9. 呪い

 スーパーで倒れかけた優斗は少し休むと復活した。


「心配かけてごめんな。買い物続けようか」

「ダメ! 帰るよ!」


 何事も無かったかのように買い物を続けようとする優斗を彼方は叱りつけ、腕をとって強引に帰らせる。


「わっ、わっ、分かったからそんな引っ張らないで!」

「ダメ!」


 心配で心配で仕方ないのだ。

 優斗が何を言おうとも彼方は聞く耳を持たない。


「…………」

「…………」


 ふんふんと怒るように優斗を引っ張る彼方だが、歩いていると徐々に冷静になってくる。

 一方で優斗は彼方の逆鱗に触れないようにと黙って歩いている。


 そうなると二人の間には気まずい雰囲気が漂ってしまう。

 その雰囲気を振り払うかのように、優斗は意を決して口を開き、先程の出来事について少しだけ教えてくれた。
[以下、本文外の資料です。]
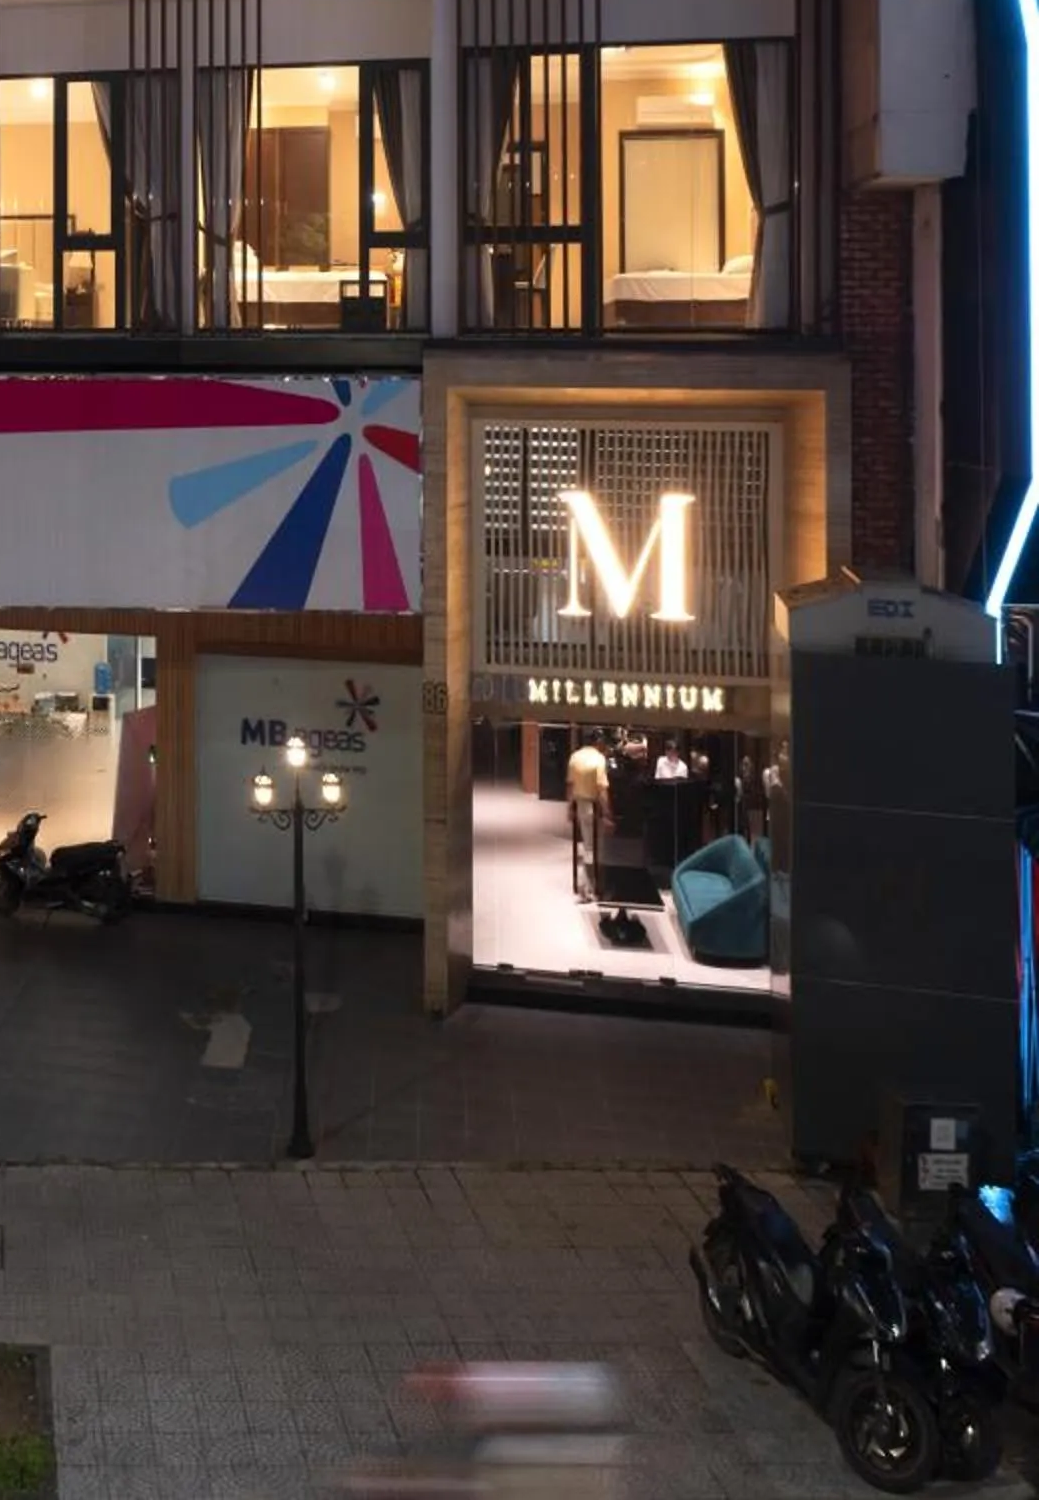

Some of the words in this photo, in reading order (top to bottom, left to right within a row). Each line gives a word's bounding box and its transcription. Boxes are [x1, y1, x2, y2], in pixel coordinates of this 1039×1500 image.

[558, 490, 697, 622] M
[528, 677, 725, 712] MILLENNIUM
[240, 717, 287, 747] MB
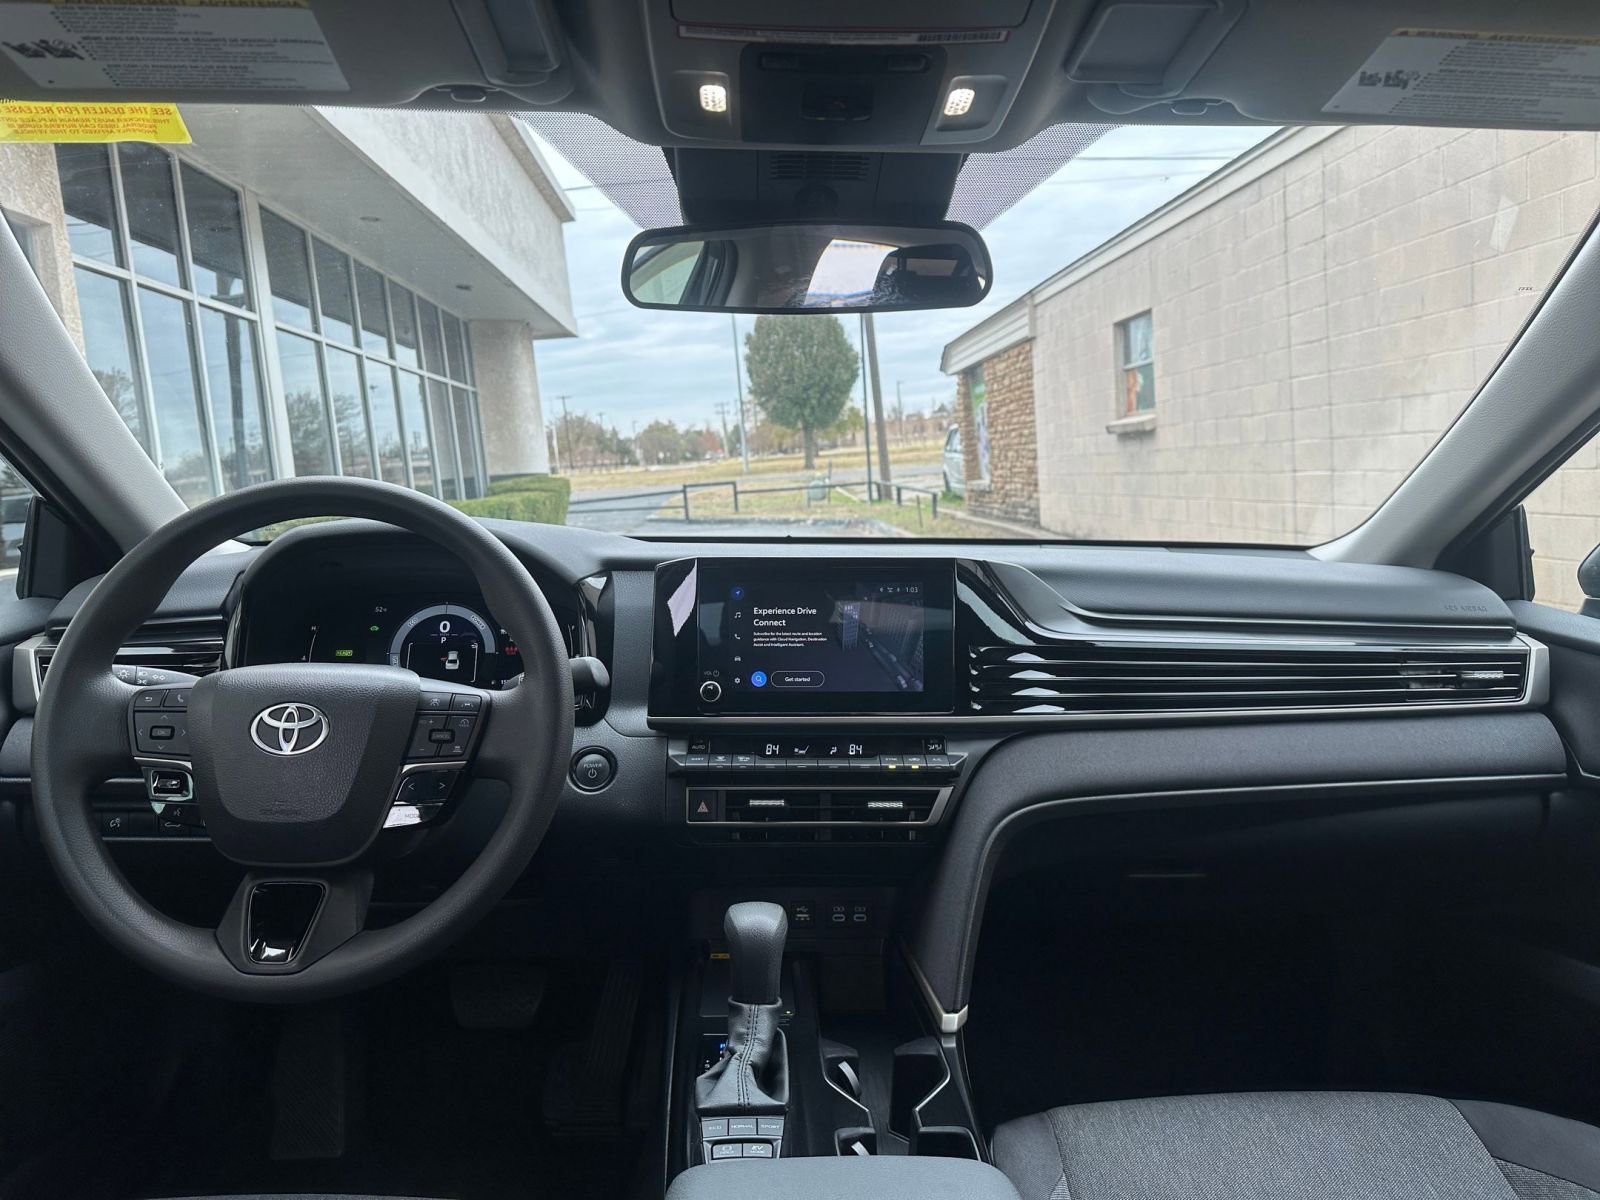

「鍵谷さんは母さんが入院してた病院の看護師さんだったんだ」

「看護師さん?」

「ああ、とても良くしてくれた優しい人だよ」


 それならば何故その優しい人と話をしてあんな状態になってしまったのか。


「きっと母さんのことを思い出して変になっちゃったんだと思う。心配かけて本当にごめん」

「…………」


 しかしあの時の優斗の雰囲気は母を亡くして悲しんでいる様子とはまるで違っていた。

 嘘をついているのか、それとも自分でも分かっていないのか。


 結局彼方はそのモヤモヤを抱えたまま、優斗の家に帰宅することになった。




「お花はまた今度だね」


 彼方は優斗をリビングのソファーに座らせて、自分はその隣に座った。

 今日のお出かけの目的の一つである花を買うことは出来なかったため、優斗母の写真の周りは相変わらず簡素なままだ。


「あの、彼方?」

「なぁに?」

「ち、近くないか?」

「そう?」


 彼方は体を優斗にぴったりとくっつけ、優斗の方を向いている。

 顔が近く相手の吐息が届きそうな距離であり優斗は目に見えて顔を赤くして慌てていた。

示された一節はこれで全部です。